Kekerasan di sekolah menjadi persoalan sangat kompleks karena pelakunya bukan hanya murid, tapi juga guru.
Wakil Ketua Komite III DPD Bidang Pendidikan Fahira Idris mengungkapkan, sekolah yang seharusnya menjadi ‘surga’ bagi anak mengembangkan dirinya, malah menjadi tempat yang paling sering terjadi kekerasan.
Ia menyebut kekerasan terhadap sesama murid Sekolah Dasar (SD) di Bukit Tinggi dan kekerasan seksual terhadap 20 siswi Sekolah Menengah Pertama (SMP) oleh guru mereka di Maluku Tenggara.
''Siswi-siswi itu diancam tidak naik kelas jika tidak menuruti keinginan guru mereka. Ini sudah gawat,'' ungkap Fahira, Senin (27/10).
Ketua Yayasan Anak Bangsa Berdaya dan Mandiri ini memandang telah terjadi pergeseran nilai dan perilaku peserta didik akibat minimnya pendidikan budi pekerti dan karakter di sekolah terutama di tingkat dasar. Belum lagi kurangnya pemahaman orang tua terhadap perlindungan anak-anak.
Fahira mengungkapkan perlu ada terobosan baru dan komprehensif untuk menghilangkan praktik kekerasan di sekolah.
"Pembenahan total harus segera dilakukan. Pendidikan karakter dan budi pekerti harus jadi mata pelajaran tersendiri dan wajib diajarkan sejak dini," kata Fahira.
Masalah lain yang juga memperihatinkan dalam dunia pendidikan adalah kekerasan psikis, fisik maupun seksual yang dilakukan oknum guru.
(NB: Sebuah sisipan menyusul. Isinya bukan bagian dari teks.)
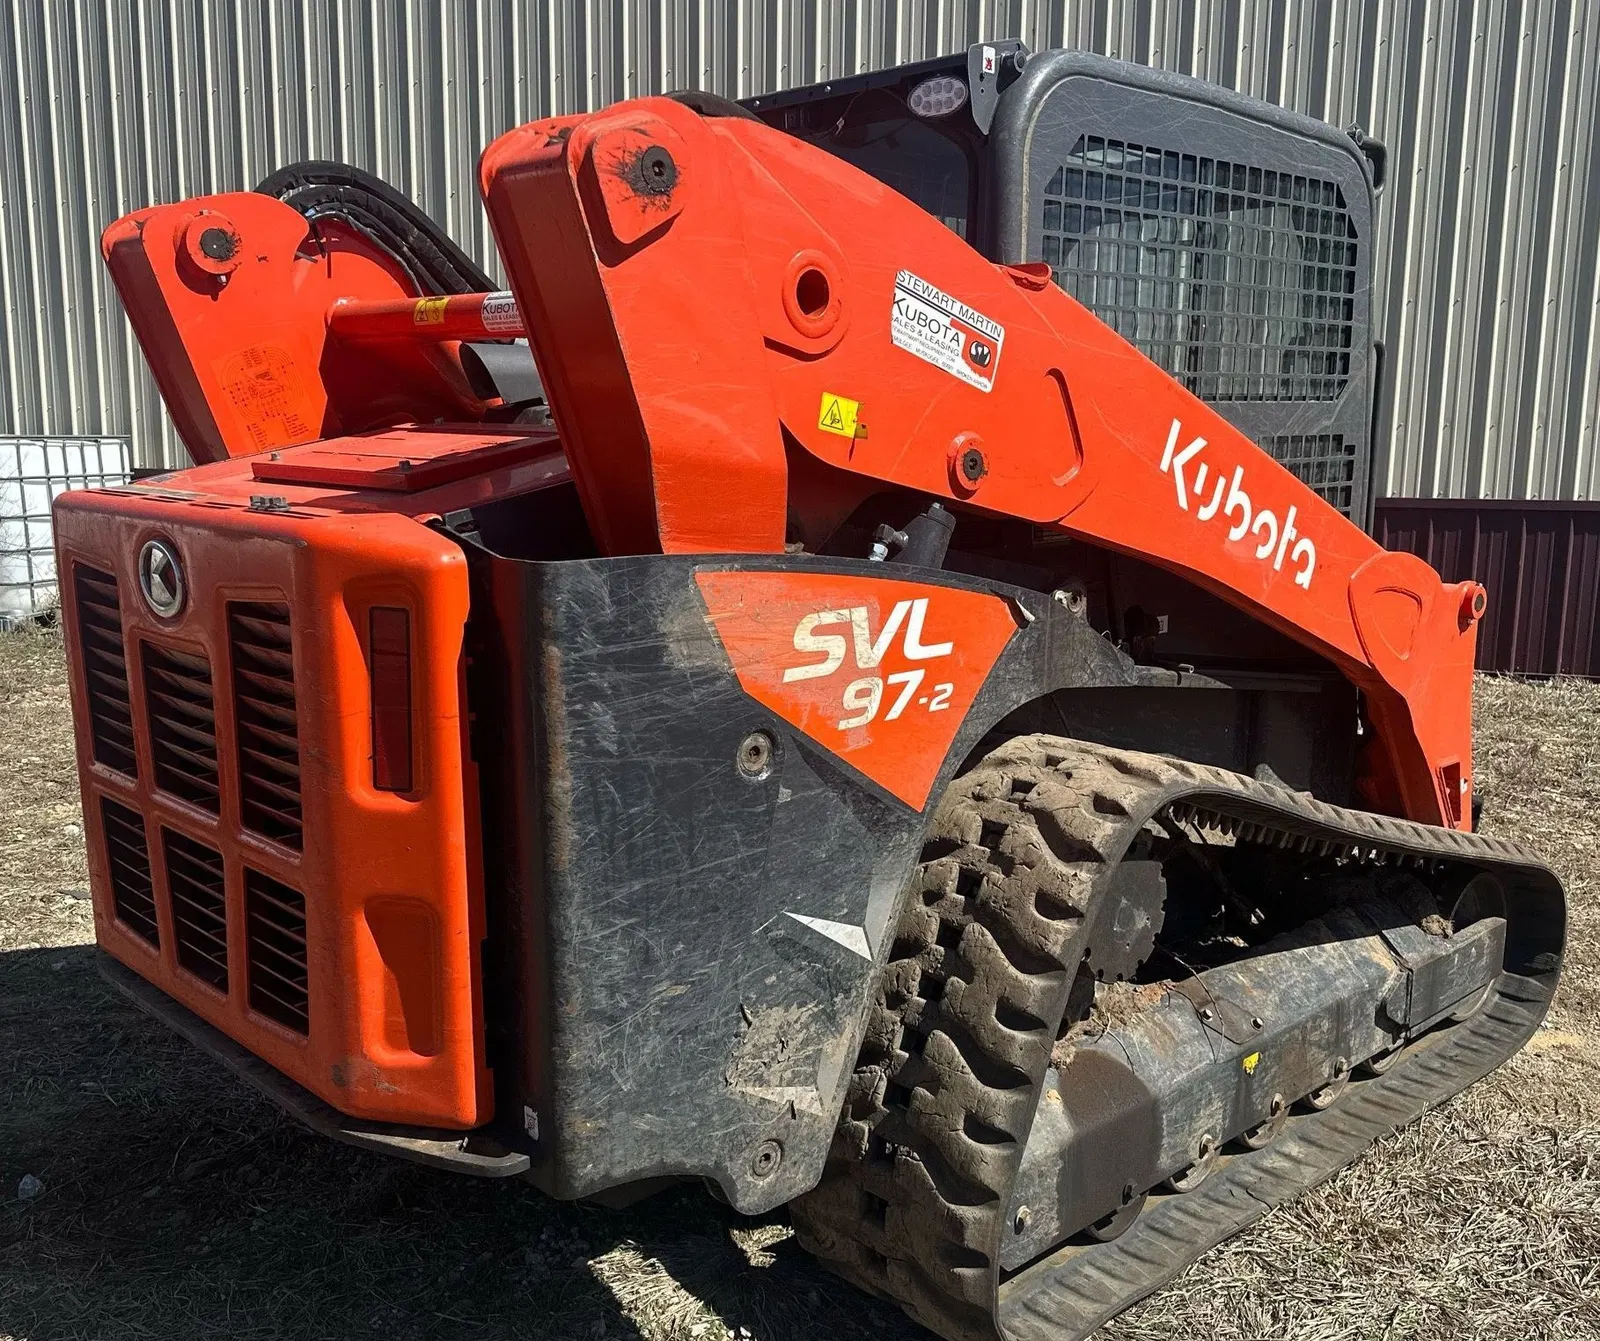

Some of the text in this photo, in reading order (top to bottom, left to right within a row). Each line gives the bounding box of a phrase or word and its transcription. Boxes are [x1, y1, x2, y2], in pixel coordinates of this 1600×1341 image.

[892, 293, 960, 347] KUBOTA
[897, 270, 1002, 338] STEWART MARTIN
[924, 333, 960, 357] LEASING
[1160, 418, 1316, 590] Kubota
[782, 598, 953, 683] SVL
[838, 668, 953, 730] 97-2
Sudah saatnya, kata Fahira, Kementerian Kebudayaan dan Pendidikan Dasar dan Menengah punya sistem baku rekrutmen guru.
Di mana salah satu penekanannya adalah psikotes dan rekam jejak untuk mengetahui apakah para calon guru mempunyai kencenderungan melakukan kekerasan. Sistem ini wajib dijalankan semua sekolah sebelum merekrut guru.
Para guru wajib pula diberi pemahaman perlindungan terhadap anak, termasuk sanksi hukum yang akan mereka terima jika melakukan kekerasan.